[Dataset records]
******

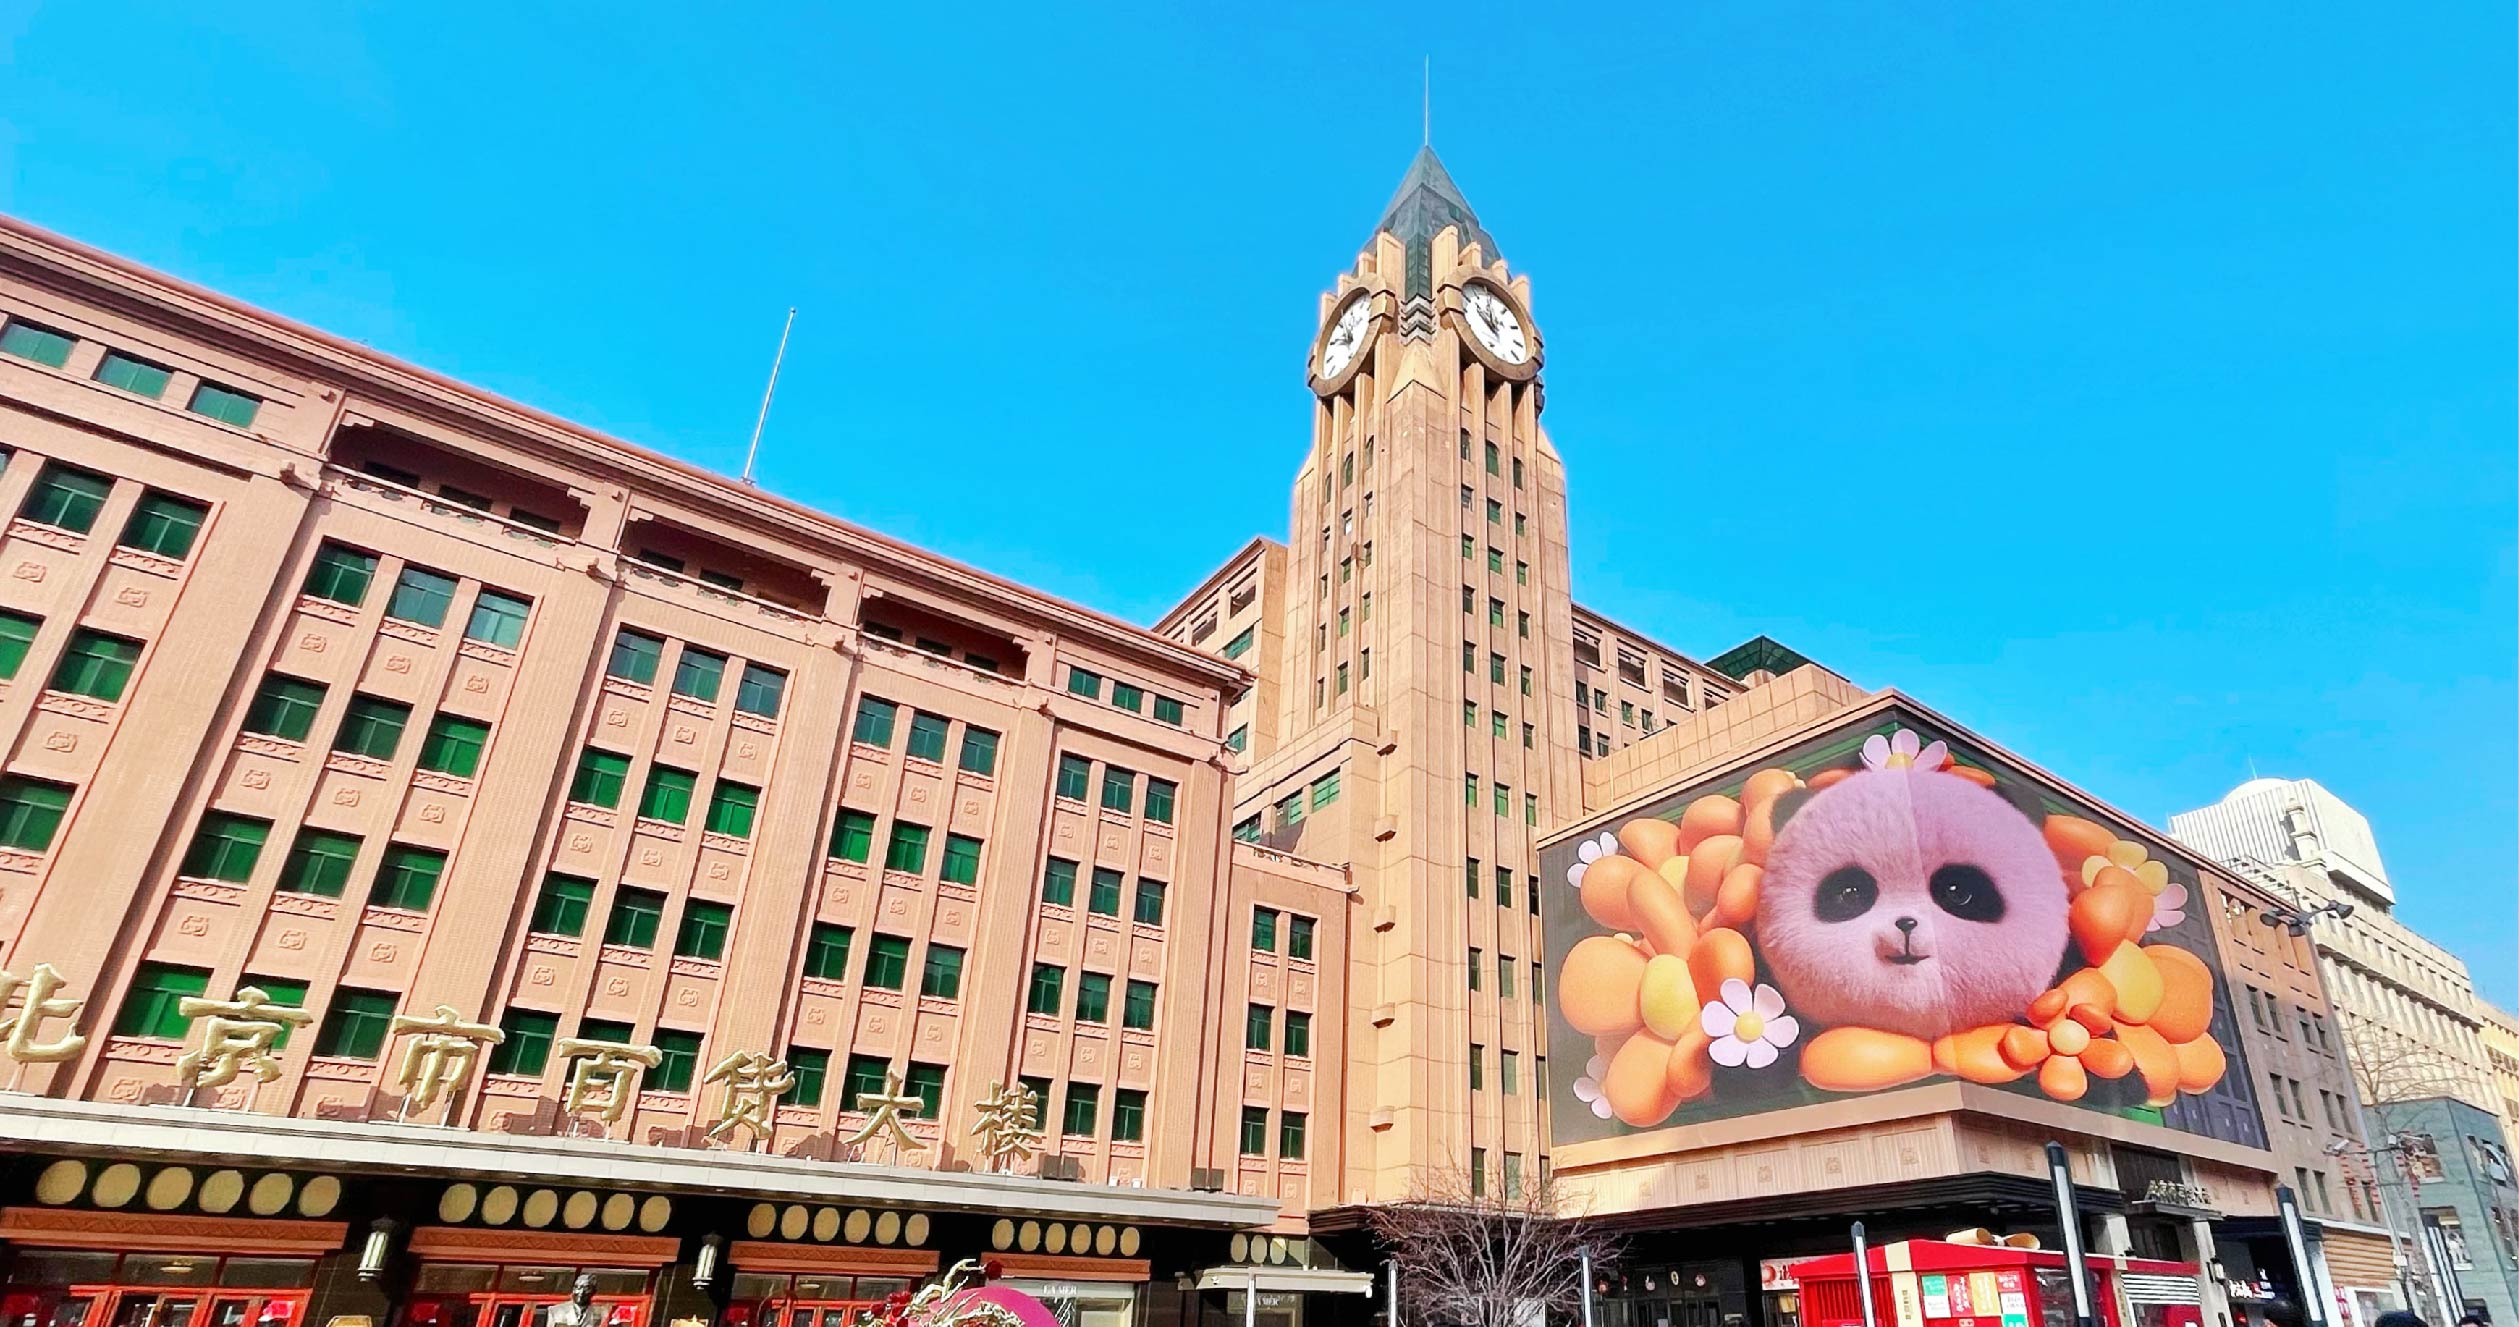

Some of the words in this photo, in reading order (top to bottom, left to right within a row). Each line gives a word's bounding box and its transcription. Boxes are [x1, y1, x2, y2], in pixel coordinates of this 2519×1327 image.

[0, 962, 1042, 1161] 北京市百货大楼
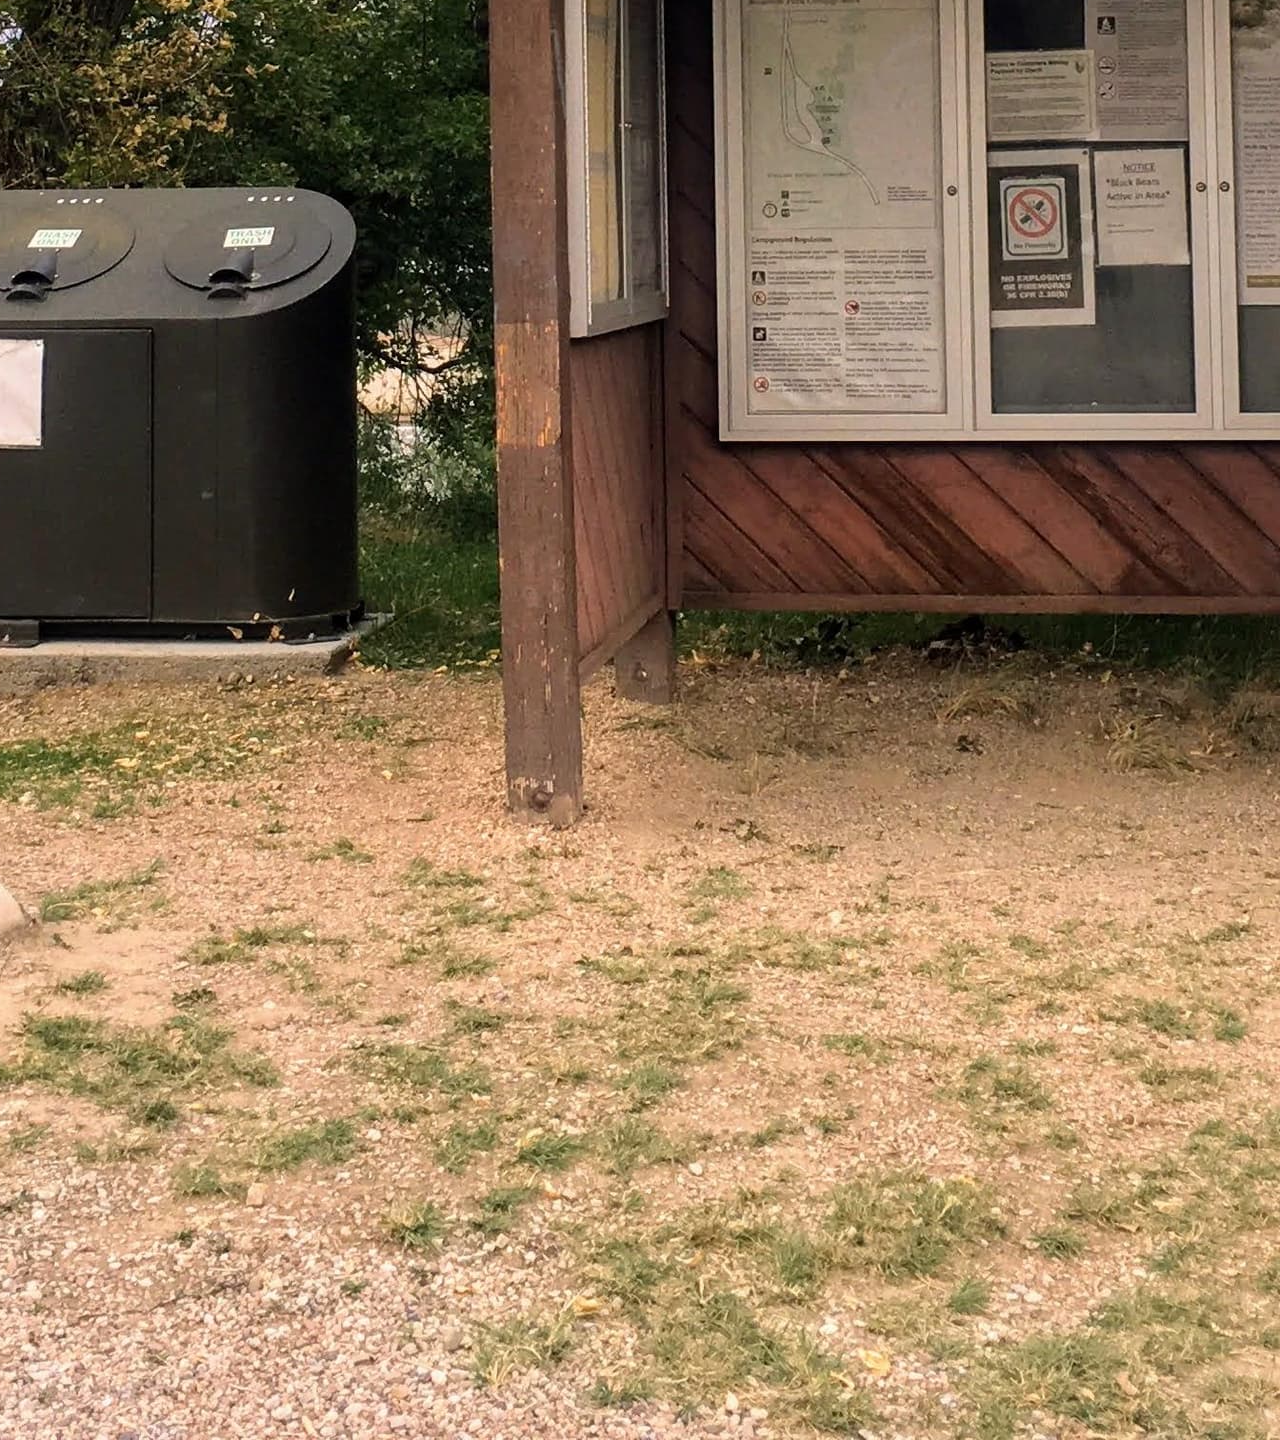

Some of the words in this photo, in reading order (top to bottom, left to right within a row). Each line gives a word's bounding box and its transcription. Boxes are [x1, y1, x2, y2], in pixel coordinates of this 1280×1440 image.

[1122, 162, 1156, 172] NOTICE
[229, 229, 272, 237] TRASH
[231, 236, 264, 244] ONLY
[1016, 273, 1072, 282] EXPLOSIVES
[1017, 282, 1071, 290] FIREWORKS

******

:: PROBLEM STATEMENT ::
Repeat all of the entries above exactly. Keep pictures out of it.

:: ANSWER BELOW ::
Some of the words in this photo, in reading order (top to bottom, left to right within a row). Each line gives a word's bounding box and its transcription. Boxes are [x1, y1, x2, y2], in pixel coordinates of this 2519×1327 image.

[0, 962, 1042, 1161] 北京市百货大楼

Some of the words in this photo, in reading order (top to bottom, left to right within a row). Each line gives a word's bounding box and its transcription. Boxes are [x1, y1, x2, y2], in pixel coordinates of this 1280×1440 image.

[1122, 162, 1156, 172] NOTICE
[229, 229, 272, 237] TRASH
[231, 236, 264, 244] ONLY
[1016, 273, 1072, 282] EXPLOSIVES
[1017, 282, 1071, 290] FIREWORKS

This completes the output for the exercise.